Transcribe the listing exactly, skipping every picture.

*** Begin section ***

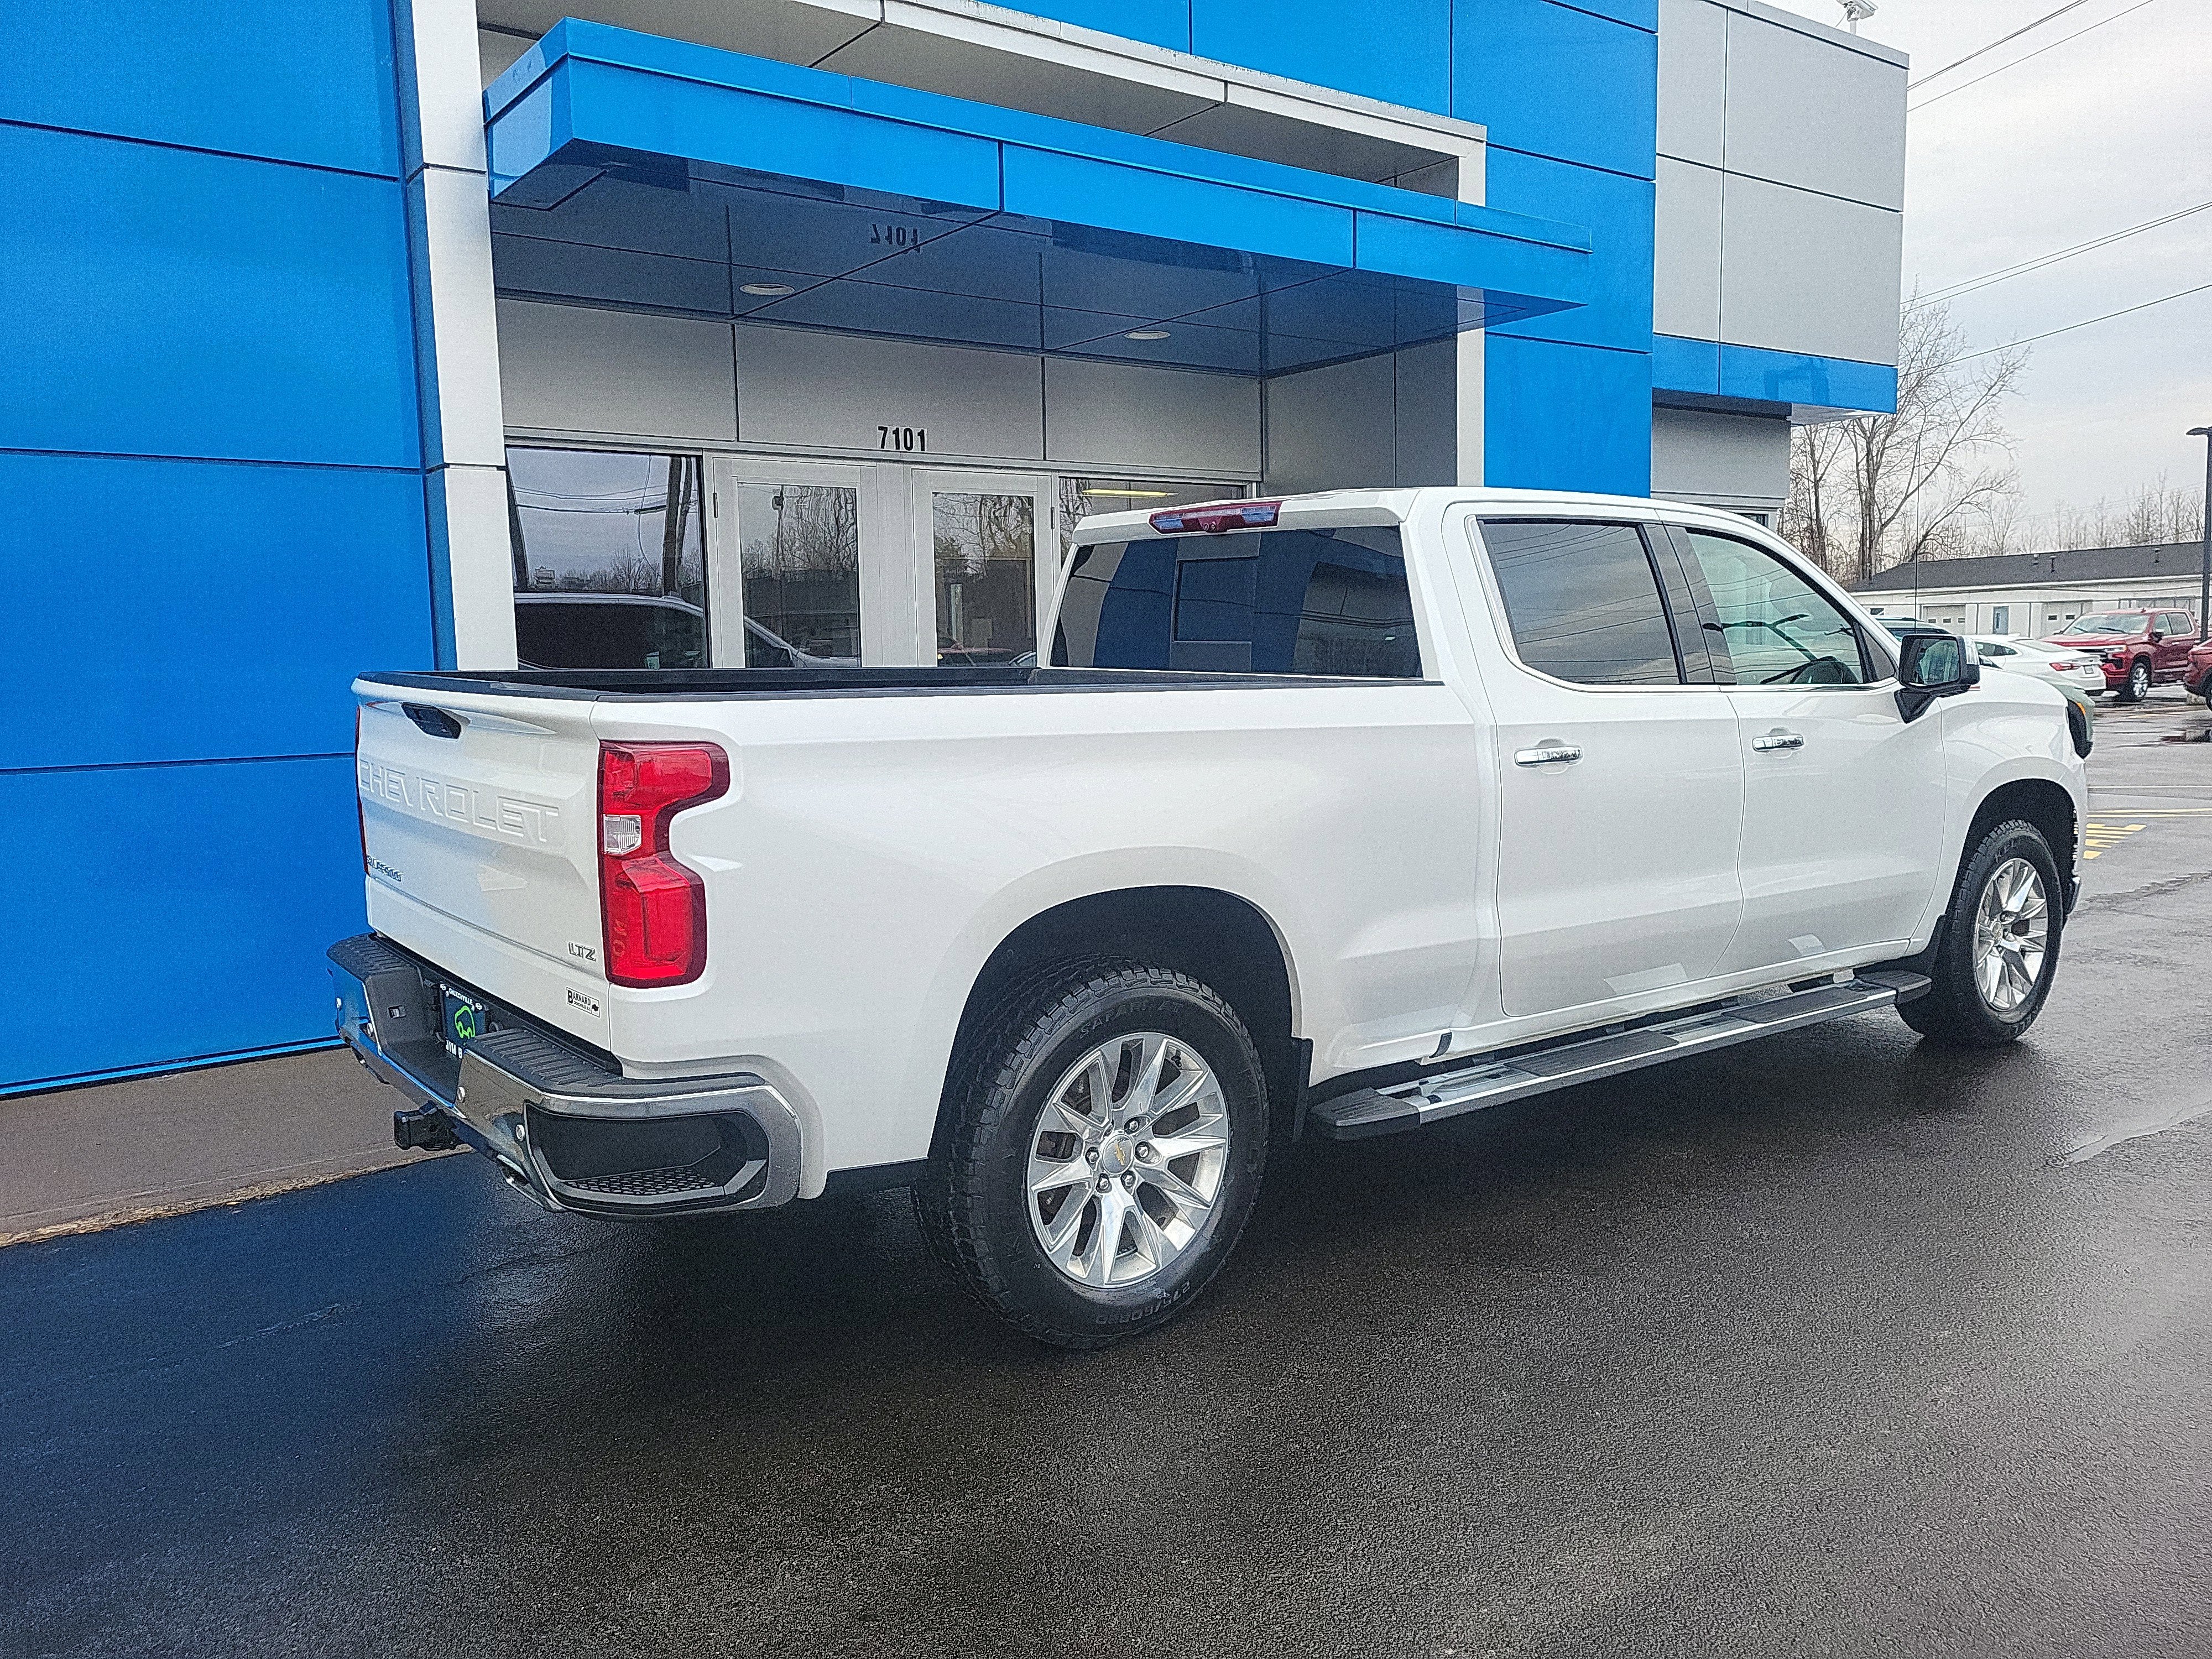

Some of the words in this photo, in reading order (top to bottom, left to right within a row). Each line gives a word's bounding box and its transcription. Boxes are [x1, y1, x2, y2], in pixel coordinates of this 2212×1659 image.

[878, 426, 925, 452] 7101
[359, 758, 559, 842] CHEVROLET
[568, 942, 597, 962] LTZ
[567, 989, 591, 1005] BARNARD
[1079, 999, 1149, 1039] SAFARI
[445, 1040, 457, 1056] JIM
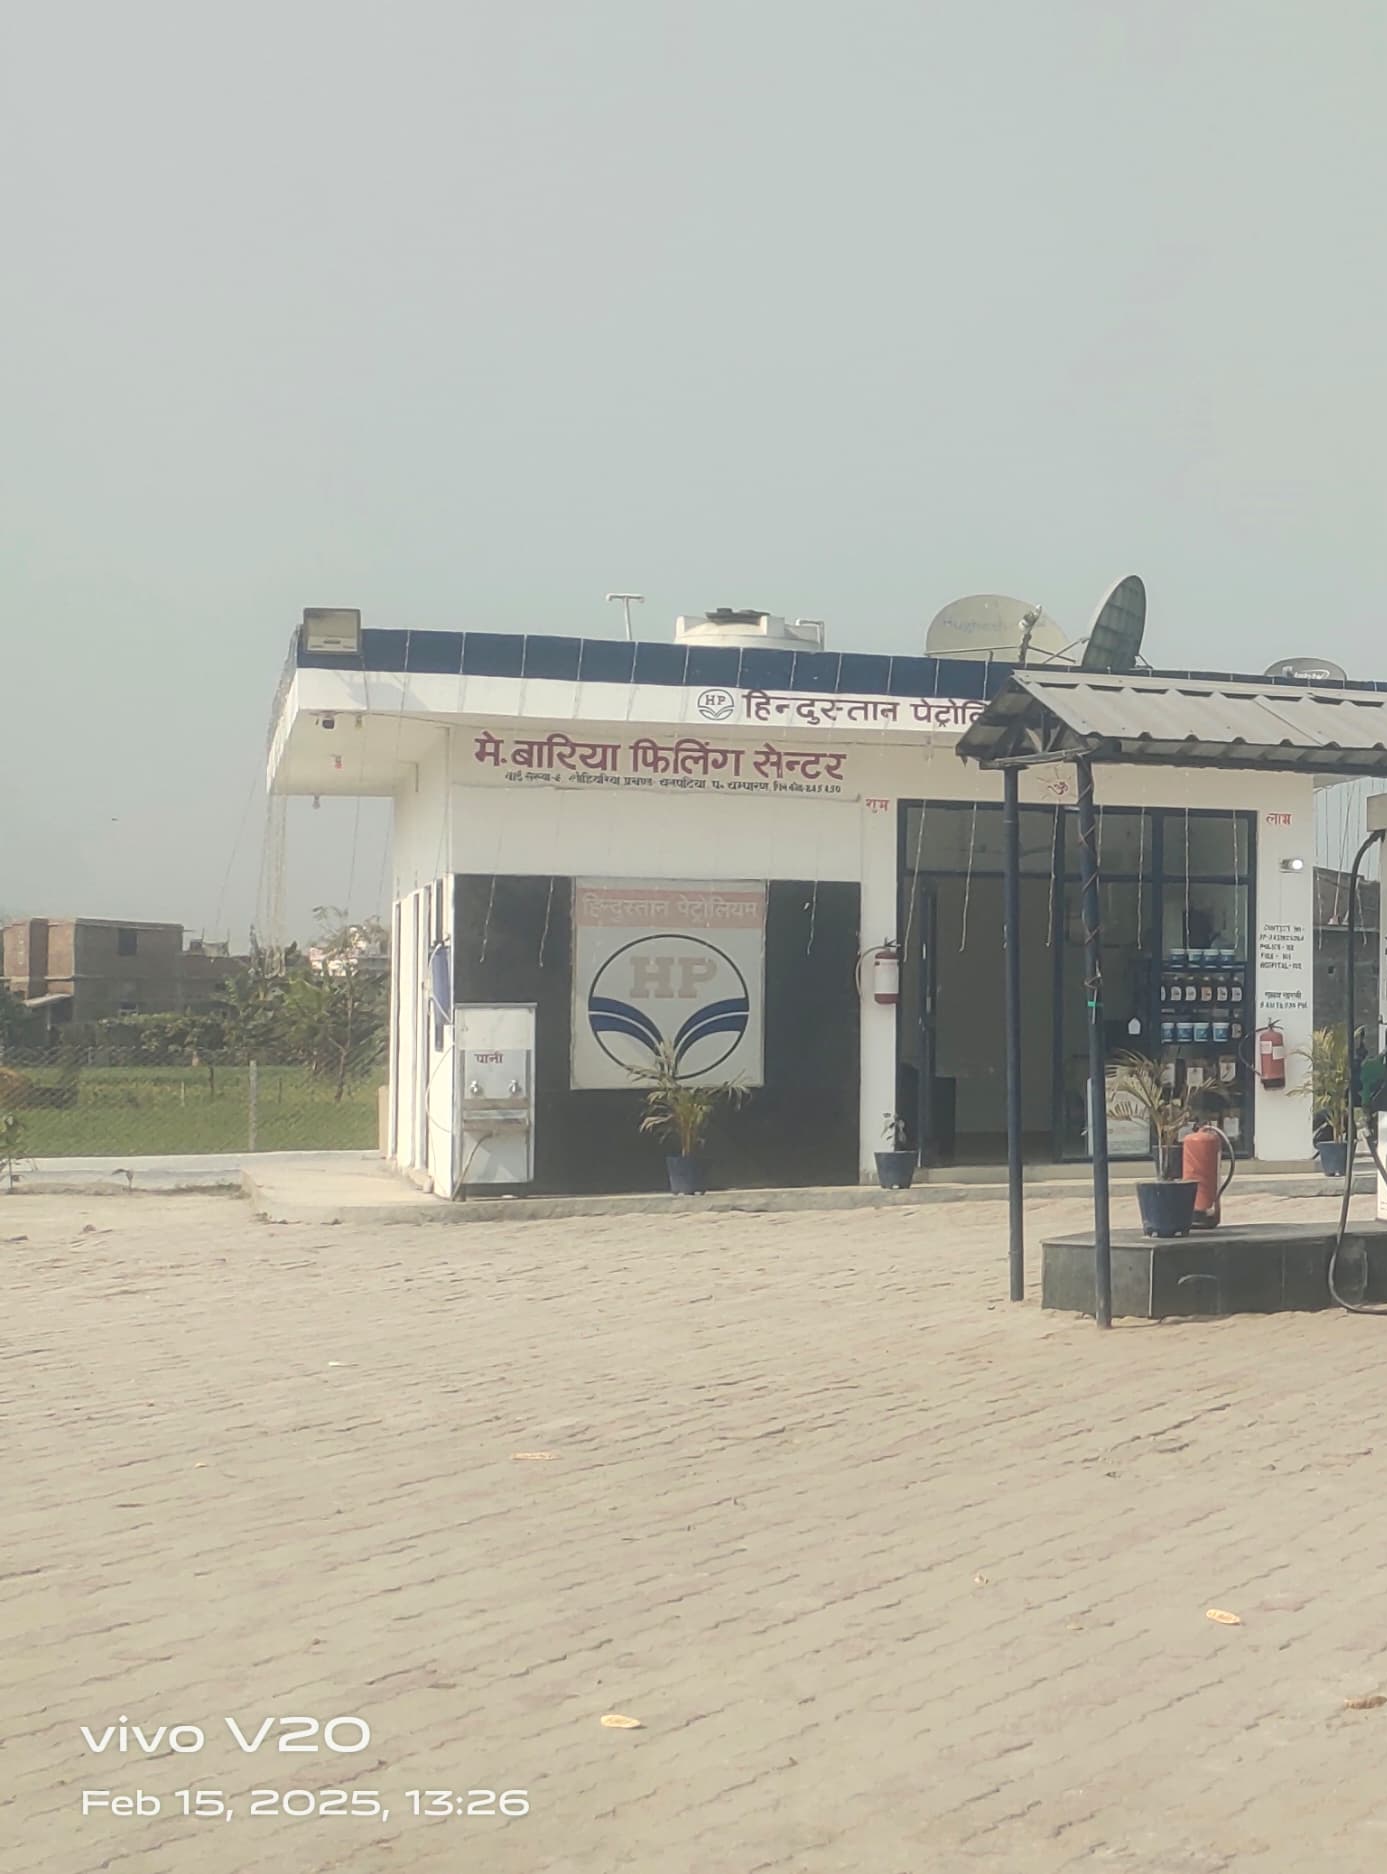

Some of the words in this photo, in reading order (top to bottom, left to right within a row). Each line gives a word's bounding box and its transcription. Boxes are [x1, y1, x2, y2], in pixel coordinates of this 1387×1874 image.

[705, 694, 726, 707] HP
[742, 688, 900, 725] हिन्दुस्तान
[511, 733, 622, 772] बारिया
[629, 738, 746, 776] फिलिंग
[753, 742, 848, 780] सेन्टर
[583, 892, 670, 921] हिन्दुस्तान
[676, 893, 758, 923] पेट्रोलियम
[630, 955, 719, 998] HP
[473, 1050, 504, 1065] पानी

*** End section ***

Solution to this task -
Some of the words in this photo, in reading order (top to bottom, left to right within a row). Each line gives a word's bounding box and its transcription. Boxes are [x1, y1, x2, y2], in pixel coordinates of this 2212×1659 image.

[878, 426, 925, 452] 7101
[359, 758, 559, 842] CHEVROLET
[568, 942, 597, 962] LTZ
[567, 989, 591, 1005] BARNARD
[1079, 999, 1149, 1039] SAFARI
[445, 1040, 457, 1056] JIM

Some of the words in this photo, in reading order (top to bottom, left to right within a row). Each line gives a word's bounding box and its transcription. Boxes are [x1, y1, x2, y2], in pixel coordinates of this 1387×1874 image.

[705, 694, 726, 707] HP
[742, 688, 900, 725] हिन्दुस्तान
[511, 733, 622, 772] बारिया
[629, 738, 746, 776] फिलिंग
[753, 742, 848, 780] सेन्टर
[583, 892, 670, 921] हिन्दुस्तान
[676, 893, 758, 923] पेट्रोलियम
[630, 955, 719, 998] HP
[473, 1050, 504, 1065] पानी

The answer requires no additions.